The first thing that caught me was the fact that she'd bent down--If I bend down in the round pen to say, tie my shoe, he'll take it as an opportunity to turn or stop without asking. The second thing was that it was in his stall. Obviously he sees this as his space, for the most part he is right. We did have some issues earlier in our relationship that a respect stick seemed to fix, so that has been brought back out and now stands out by his stall. The third thing that caught me was that she mentioned that he may have been beaten, something I have also thought in the past. When you ask him to move out of your space his head flies up, his eyes roll back, and its obvious he's in "protection" mode, more so than just "bah, get your hand away from my face!"

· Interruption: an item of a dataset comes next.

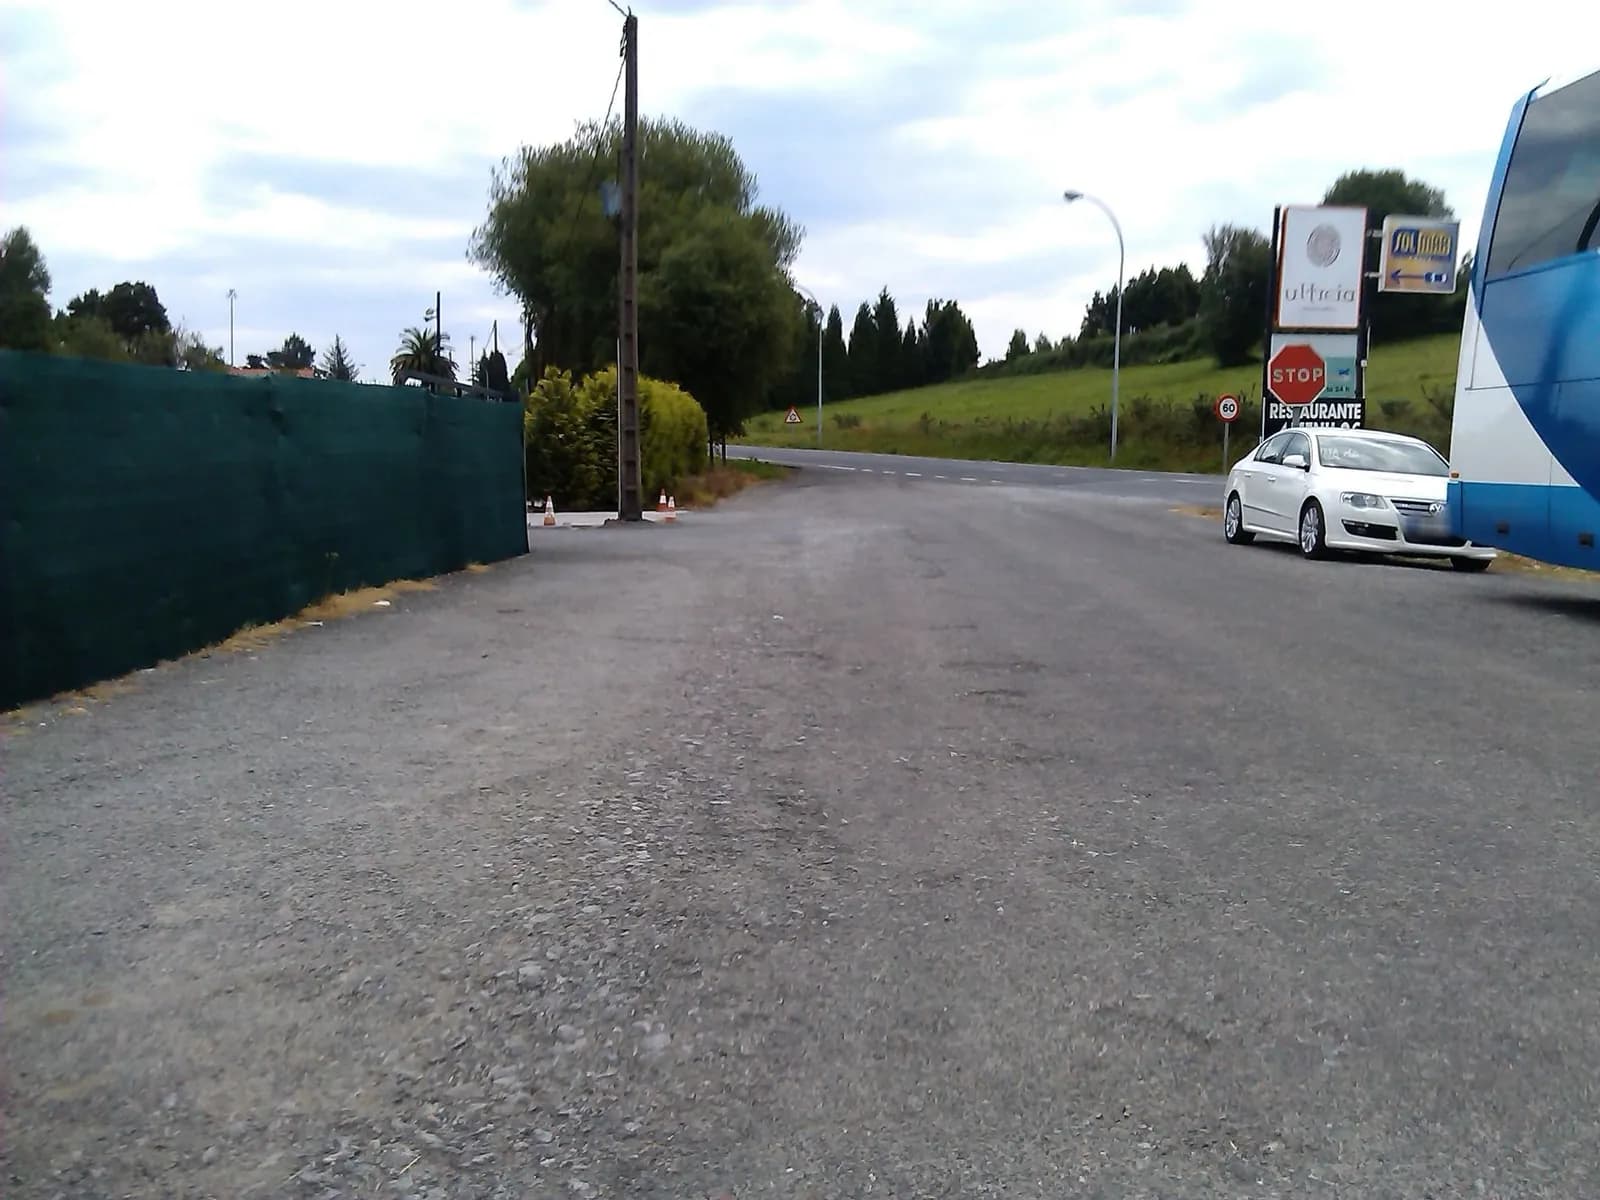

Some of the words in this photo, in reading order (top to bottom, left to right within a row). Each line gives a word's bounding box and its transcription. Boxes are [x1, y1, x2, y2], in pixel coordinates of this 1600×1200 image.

Let me just say that she didn't just let him get away with attacking her. Of course he won that round, but later she had one of our NH boarders work with him. She said they worked for about a half hour, and really pushed him to throw a little bit of trust out there. I think she follows Parelli, which honestly I could care less about what program specifically she works. I think he's officially been moved from the "horse with a problem" category to "problem horse". He has no trust in people in general, and for myself I'll say that he only has a tiny bit. However, throughout his life I now know that he has most likely learned to comply with what you ask of him, rather than truly be submissive and really want to do it. Behavioral training started today, and it will most likely really start tomorrow. Since Pam knows that I am monetarily strapped, she's worked out with Kristen (new trainer) that its 15 dollars a session with no time limit. Kristen wants to work with him through the week, and probably next Thursday it will be me working with her working with him, and then we'll talk about long term.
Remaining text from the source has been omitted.